→ STUDY MATERIAL
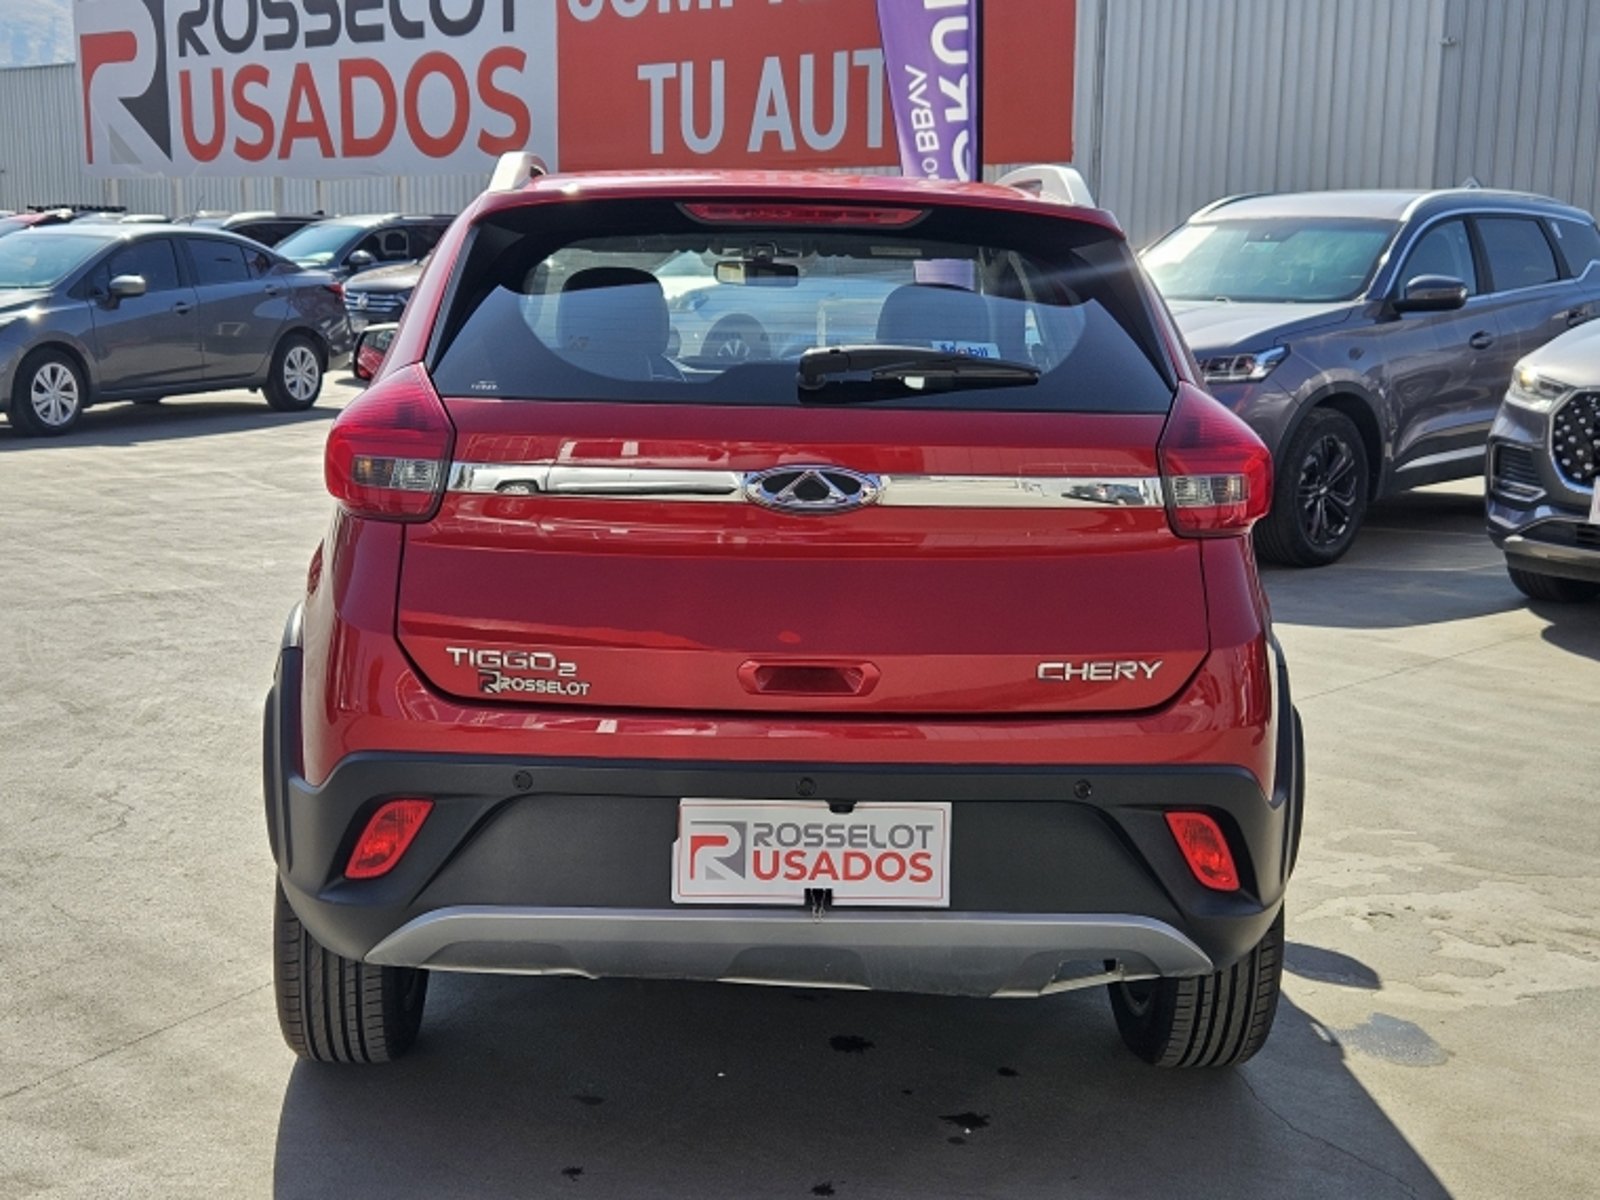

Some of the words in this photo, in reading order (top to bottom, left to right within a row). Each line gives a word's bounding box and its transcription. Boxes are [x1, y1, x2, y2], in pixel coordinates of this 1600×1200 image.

[178, 45, 532, 163] USADOS
[637, 59, 725, 154] TU
[1037, 660, 1163, 681] CHERY
[500, 677, 590, 696] ROSSELOT
[752, 822, 934, 849] ROSSELOT
[752, 850, 934, 883] USADOS
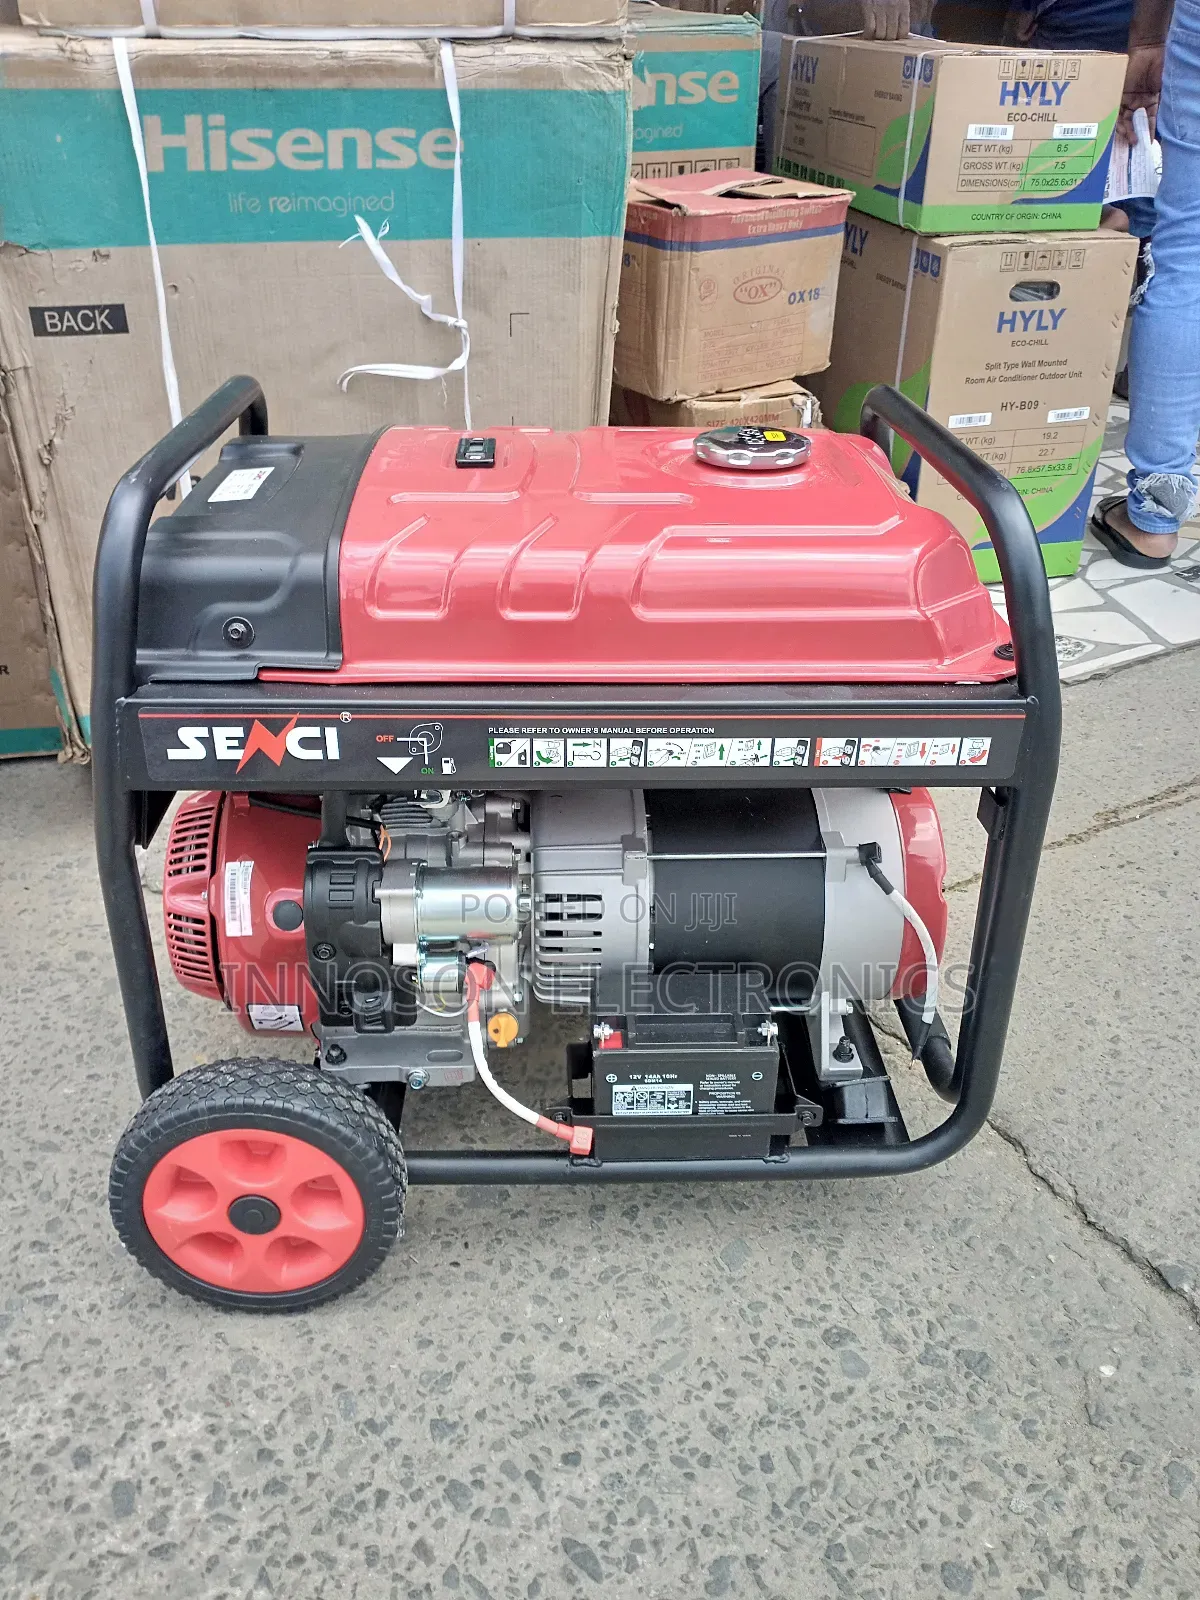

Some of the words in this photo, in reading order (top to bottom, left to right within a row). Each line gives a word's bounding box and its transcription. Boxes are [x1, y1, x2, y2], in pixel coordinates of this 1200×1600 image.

[632, 69, 739, 105] nse
[999, 81, 1071, 107] HYLY
[1007, 112, 1058, 122] ECO-CHILL
[633, 122, 683, 144] agined
[144, 114, 465, 172] Hisense
[965, 144, 982, 153] NET
[963, 161, 993, 170] GROSS
[1054, 161, 1066, 170] 7.5
[960, 179, 1023, 189] DIMENSIONS(cm)
[228, 191, 261, 213] life
[268, 190, 396, 218] reimagined
[971, 213, 1005, 221] COUNTRY
[1040, 212, 1062, 220] CHINA
[748, 224, 767, 234] Extra
[845, 221, 868, 257] YLY
[45, 308, 111, 333] BACK
[997, 308, 1067, 333] HYLY
[1011, 339, 1049, 347] ECO-CHILL
[985, 361, 1002, 371] Split
[1003, 361, 1019, 371] Type
[1021, 360, 1036, 368] Wall
[1037, 358, 1068, 368] Mounted
[986, 375, 996, 383] Air
[998, 374, 1038, 383] Conditioner
[1039, 372, 1067, 380] Outdoor
[1068, 371, 1082, 379] Unit
[1000, 400, 1039, 412] HY-B09
[1042, 431, 1058, 440] 19.2
[1038, 448, 1055, 457] 22.7
[166, 711, 340, 775] SENCI
[376, 735, 394, 743] OFF
[421, 767, 434, 775] ON

→ TASK ITEM
The expected output is every entry above, retyped exactly, with the pictures removed.

→ WRITTEN ANSWER
Some of the words in this photo, in reading order (top to bottom, left to right within a row). Each line gives a word's bounding box and its transcription. Boxes are [x1, y1, x2, y2], in pixel coordinates of this 1600×1200 image.

[178, 45, 532, 163] USADOS
[637, 59, 725, 154] TU
[1037, 660, 1163, 681] CHERY
[500, 677, 590, 696] ROSSELOT
[752, 822, 934, 849] ROSSELOT
[752, 850, 934, 883] USADOS

Some of the words in this photo, in reading order (top to bottom, left to right within a row). Each line gives a word's bounding box and its transcription. Boxes are [x1, y1, x2, y2], in pixel coordinates of this 1200×1600 image.

[632, 69, 739, 105] nse
[999, 81, 1071, 107] HYLY
[1007, 112, 1058, 122] ECO-CHILL
[633, 122, 683, 144] agined
[144, 114, 465, 172] Hisense
[965, 144, 982, 153] NET
[963, 161, 993, 170] GROSS
[1054, 161, 1066, 170] 7.5
[960, 179, 1023, 189] DIMENSIONS(cm)
[228, 191, 261, 213] life
[268, 190, 396, 218] reimagined
[971, 213, 1005, 221] COUNTRY
[1040, 212, 1062, 220] CHINA
[748, 224, 767, 234] Extra
[845, 221, 868, 257] YLY
[45, 308, 111, 333] BACK
[997, 308, 1067, 333] HYLY
[1011, 339, 1049, 347] ECO-CHILL
[985, 361, 1002, 371] Split
[1003, 361, 1019, 371] Type
[1021, 360, 1036, 368] Wall
[1037, 358, 1068, 368] Mounted
[986, 375, 996, 383] Air
[998, 374, 1038, 383] Conditioner
[1039, 372, 1067, 380] Outdoor
[1068, 371, 1082, 379] Unit
[1000, 400, 1039, 412] HY-B09
[1042, 431, 1058, 440] 19.2
[1038, 448, 1055, 457] 22.7
[166, 711, 340, 775] SENCI
[376, 735, 394, 743] OFF
[421, 767, 434, 775] ON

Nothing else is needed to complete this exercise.